(MATERIAL SHOWN)

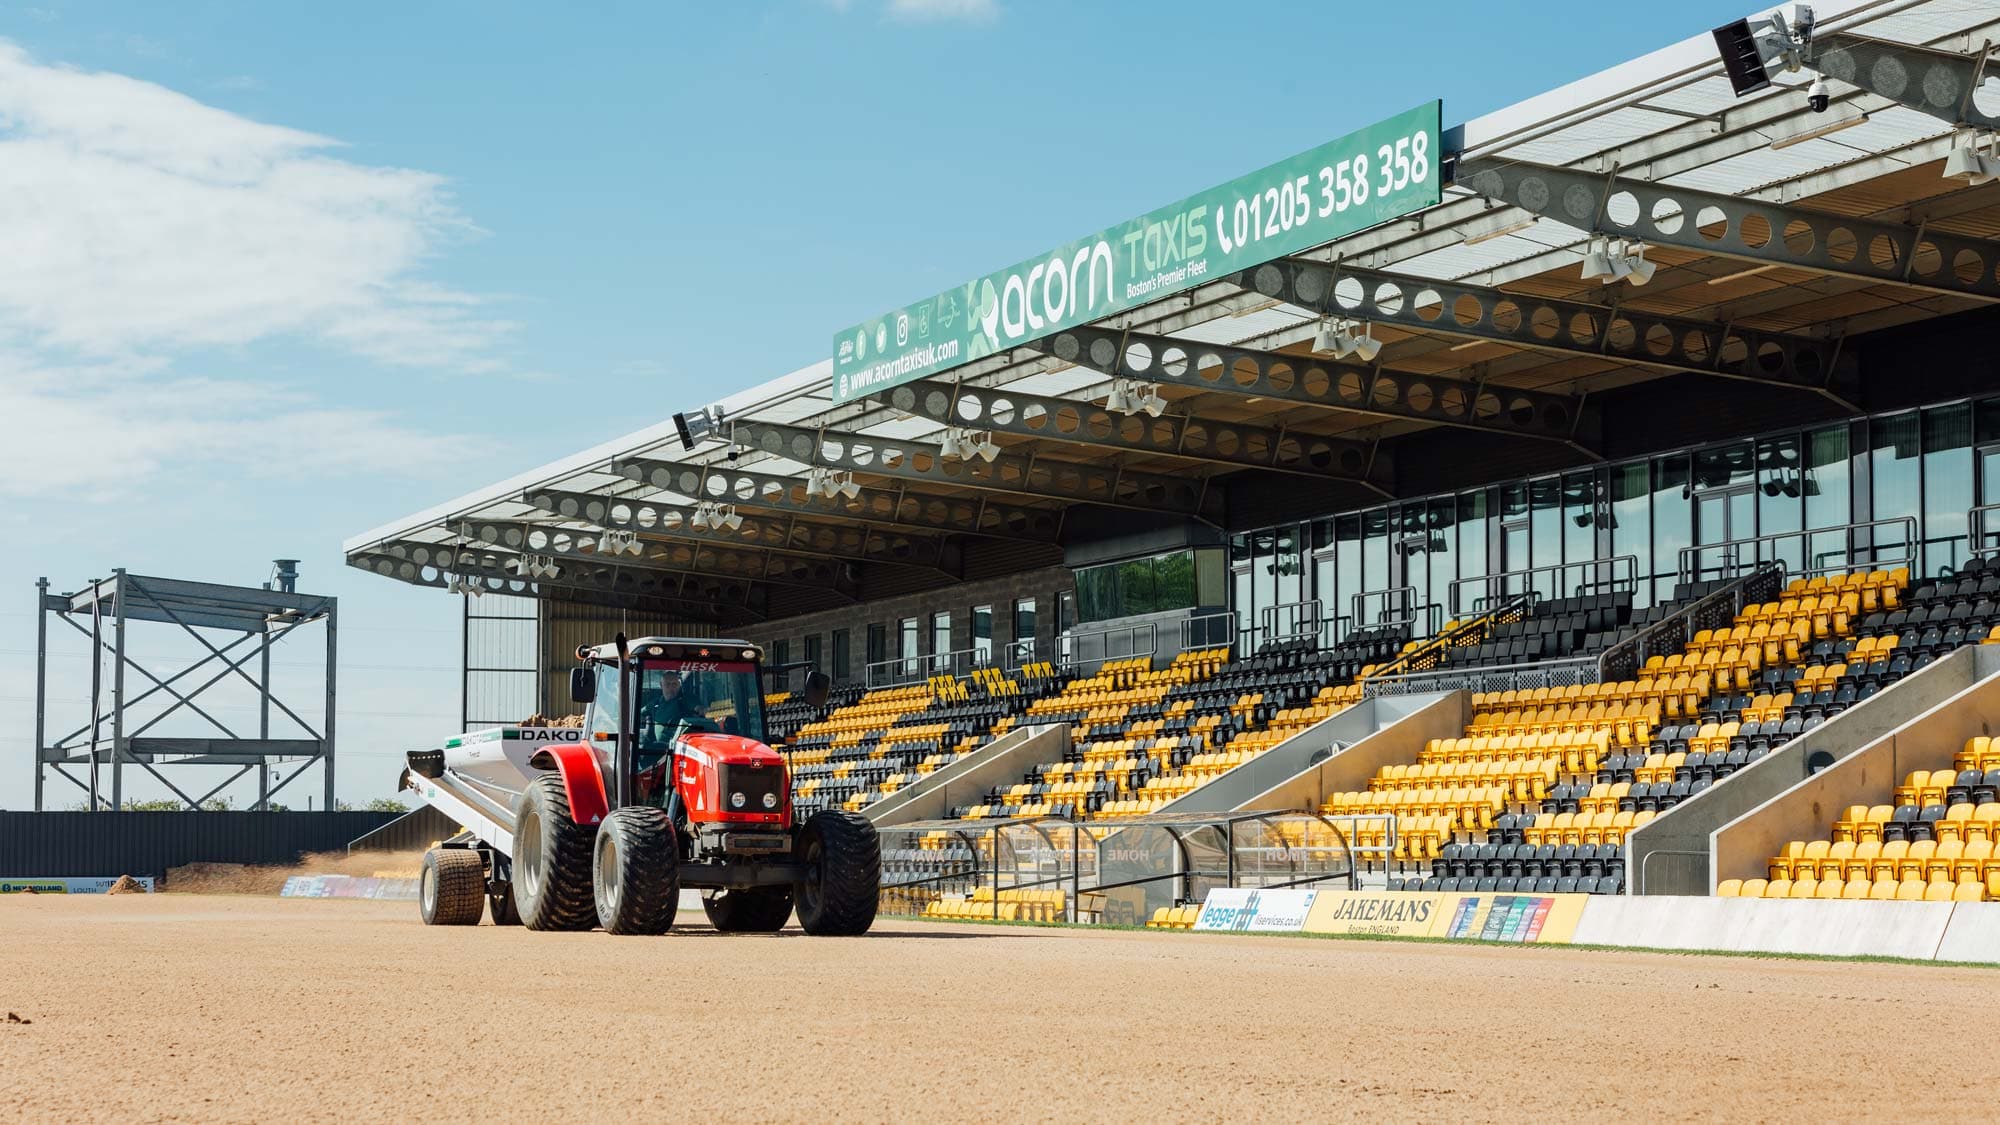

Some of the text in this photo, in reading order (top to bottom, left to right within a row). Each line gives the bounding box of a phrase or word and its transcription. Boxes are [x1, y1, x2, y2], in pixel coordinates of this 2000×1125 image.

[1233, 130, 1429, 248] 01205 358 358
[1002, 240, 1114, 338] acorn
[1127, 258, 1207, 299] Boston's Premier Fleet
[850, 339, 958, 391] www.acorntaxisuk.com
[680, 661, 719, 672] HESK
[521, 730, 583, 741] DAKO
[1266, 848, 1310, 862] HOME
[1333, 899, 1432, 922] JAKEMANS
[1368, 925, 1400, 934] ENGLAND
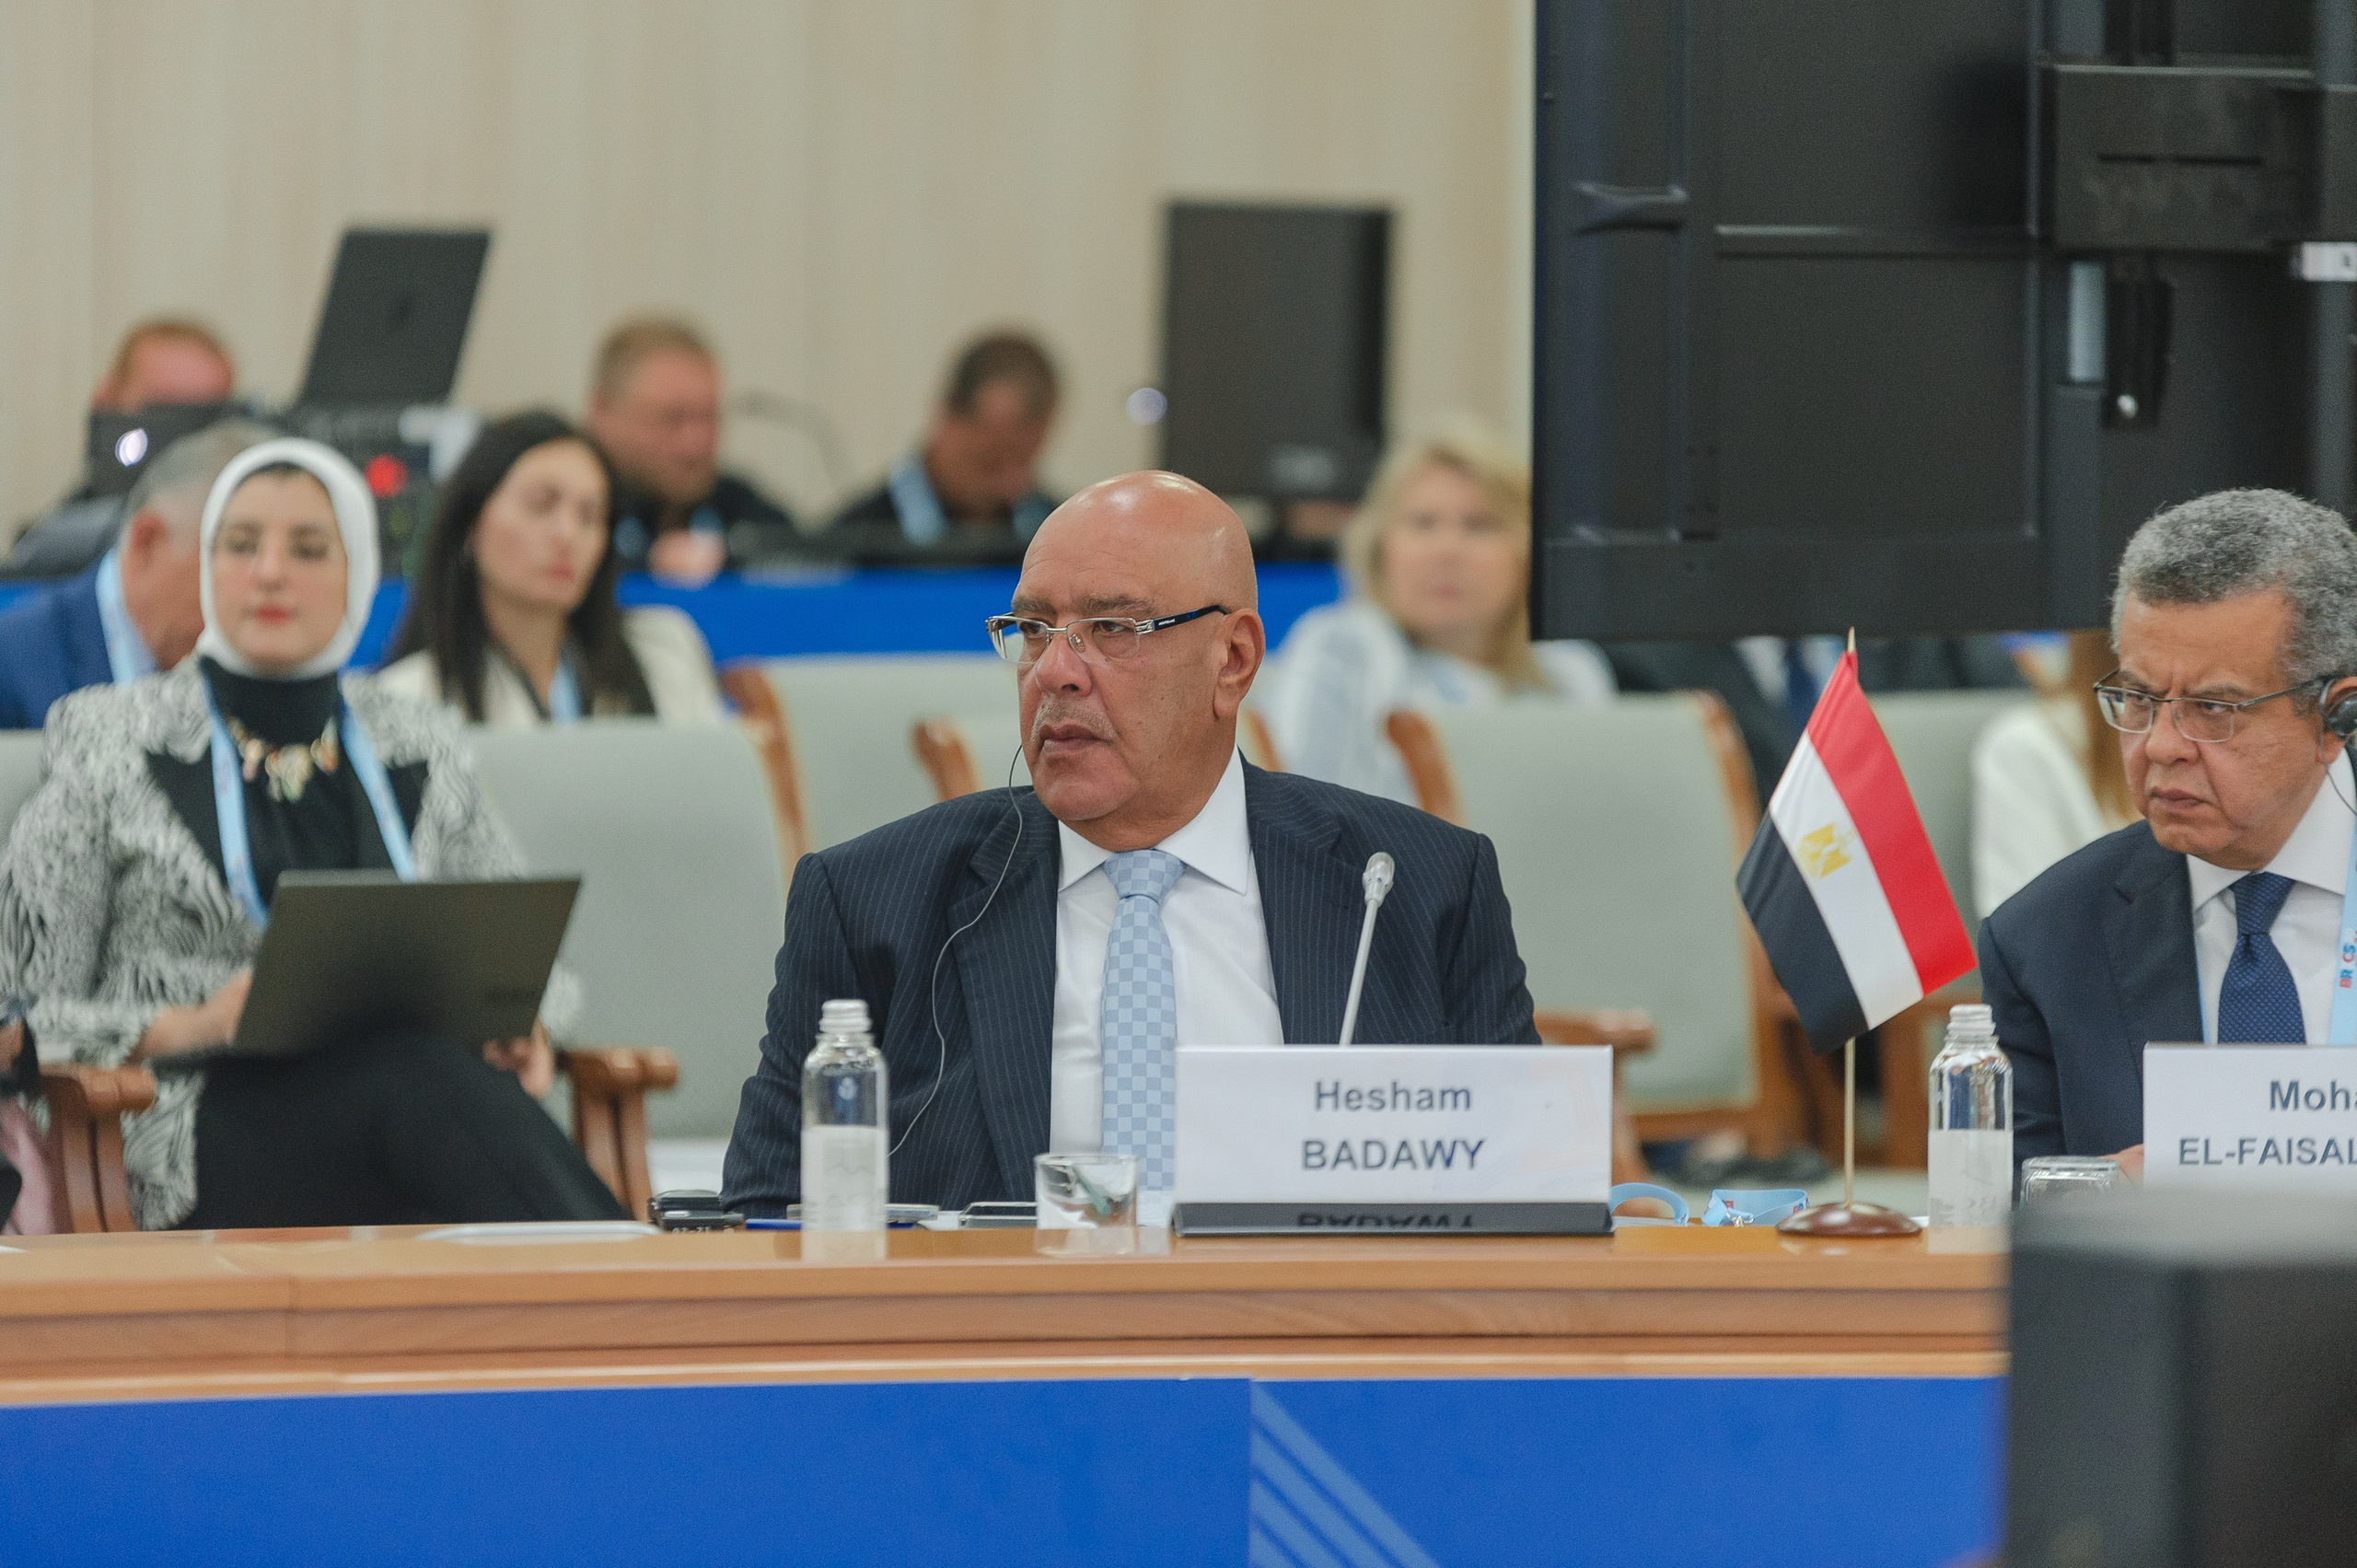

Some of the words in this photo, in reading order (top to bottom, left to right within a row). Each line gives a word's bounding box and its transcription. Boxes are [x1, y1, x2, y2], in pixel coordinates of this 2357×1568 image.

(End MATERIAL SHOWN)

Pictures stay out; reproduce every line of the records exactly.

RESPONSE:
Some of the text in this photo, in reading order (top to bottom, left to right within a row). Each line gives the bounding box of a phrase or word and its transcription. Boxes are [x1, y1, x2, y2], in pixel coordinates of this 2000×1125 image.

[1233, 130, 1429, 248] 01205 358 358
[1002, 240, 1114, 338] acorn
[1127, 258, 1207, 299] Boston's Premier Fleet
[850, 339, 958, 391] www.acorntaxisuk.com
[680, 661, 719, 672] HESK
[521, 730, 583, 741] DAKO
[1266, 848, 1310, 862] HOME
[1333, 899, 1432, 922] JAKEMANS
[1368, 925, 1400, 934] ENGLAND

Some of the words in this photo, in reading order (top to bottom, left to right within a row). Each line gives a word's bounding box and its transcription. Boxes are [x1, y1, x2, y2], in pixel coordinates of this 2357×1568 image.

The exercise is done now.